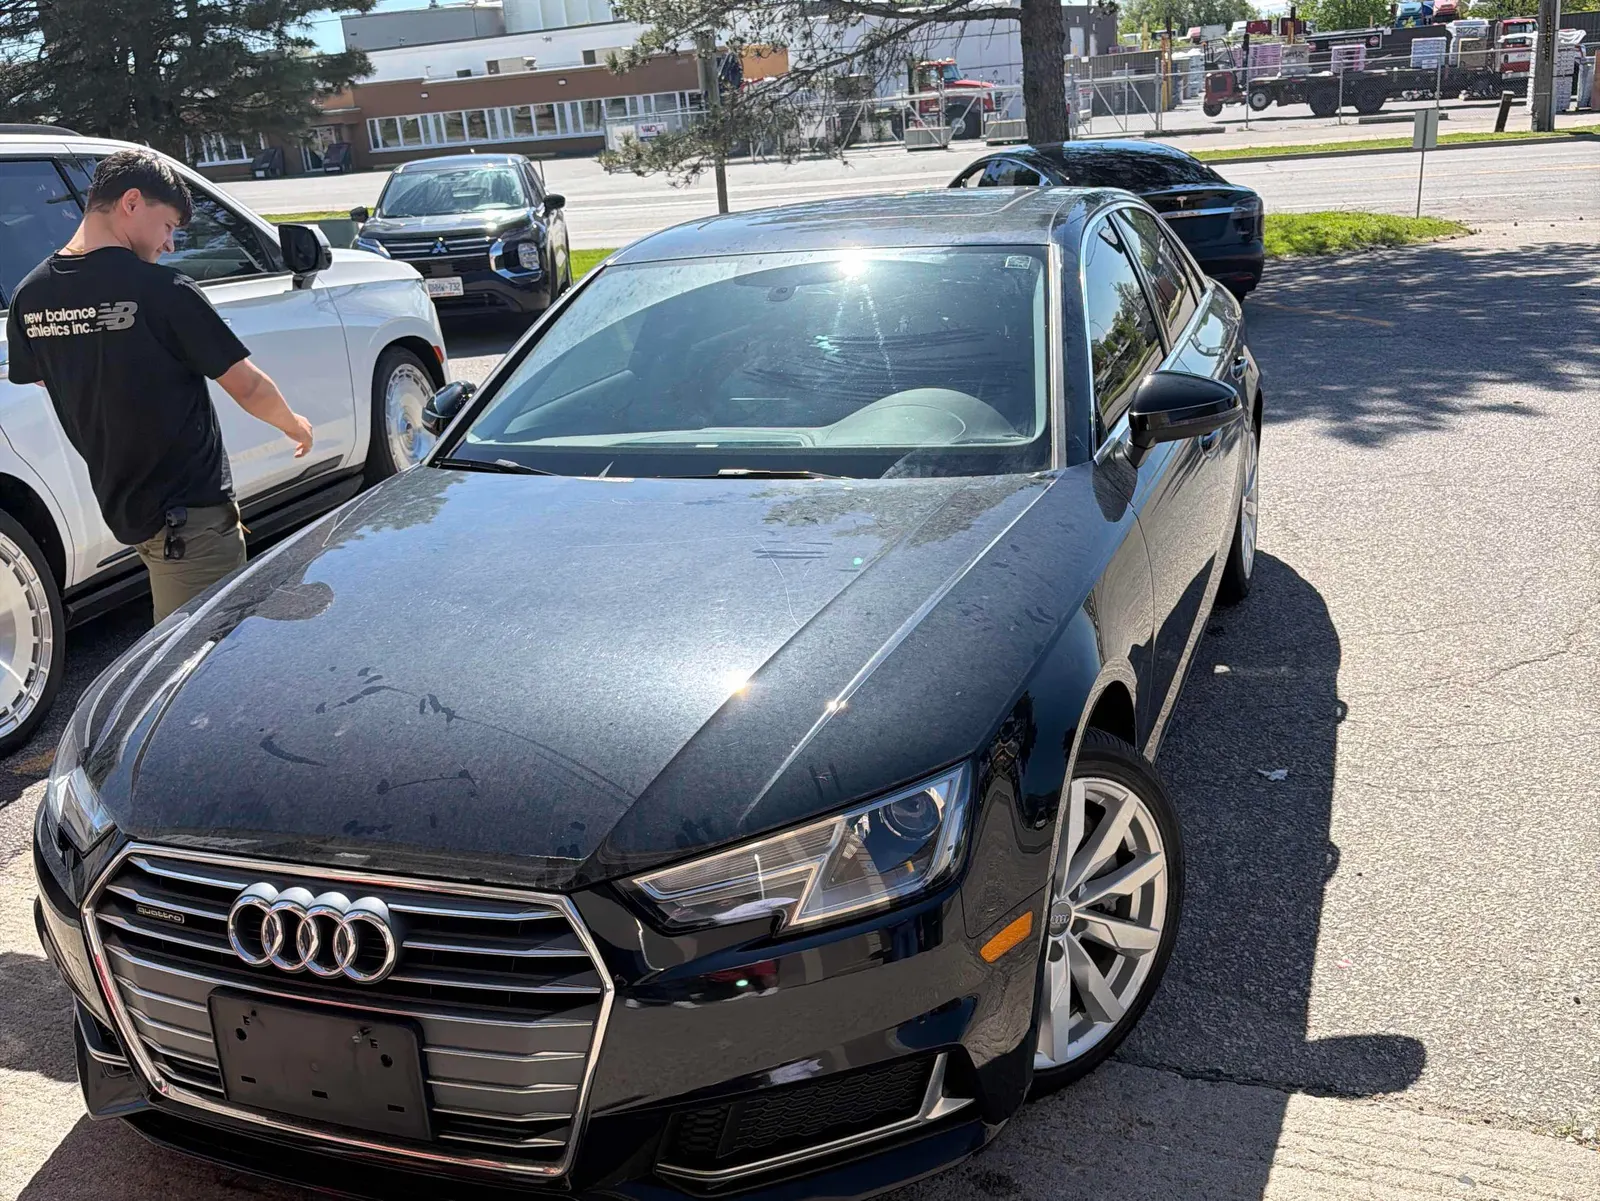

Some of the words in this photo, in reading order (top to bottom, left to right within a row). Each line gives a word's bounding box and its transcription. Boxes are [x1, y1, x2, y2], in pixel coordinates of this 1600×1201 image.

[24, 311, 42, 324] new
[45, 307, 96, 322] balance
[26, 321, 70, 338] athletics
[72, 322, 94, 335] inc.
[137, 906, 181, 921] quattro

○ ○ ○ ○ ○

▸ **What you have to do**: Copy the listing word for word, excluding its pictures.

▸ **Solution**:
Some of the words in this photo, in reading order (top to bottom, left to right within a row). Each line gives a word's bounding box and its transcription. Boxes are [x1, y1, x2, y2], in pixel coordinates of this 1600×1201 image.

[24, 311, 42, 324] new
[45, 307, 96, 322] balance
[26, 321, 70, 338] athletics
[72, 322, 94, 335] inc.
[137, 906, 181, 921] quattro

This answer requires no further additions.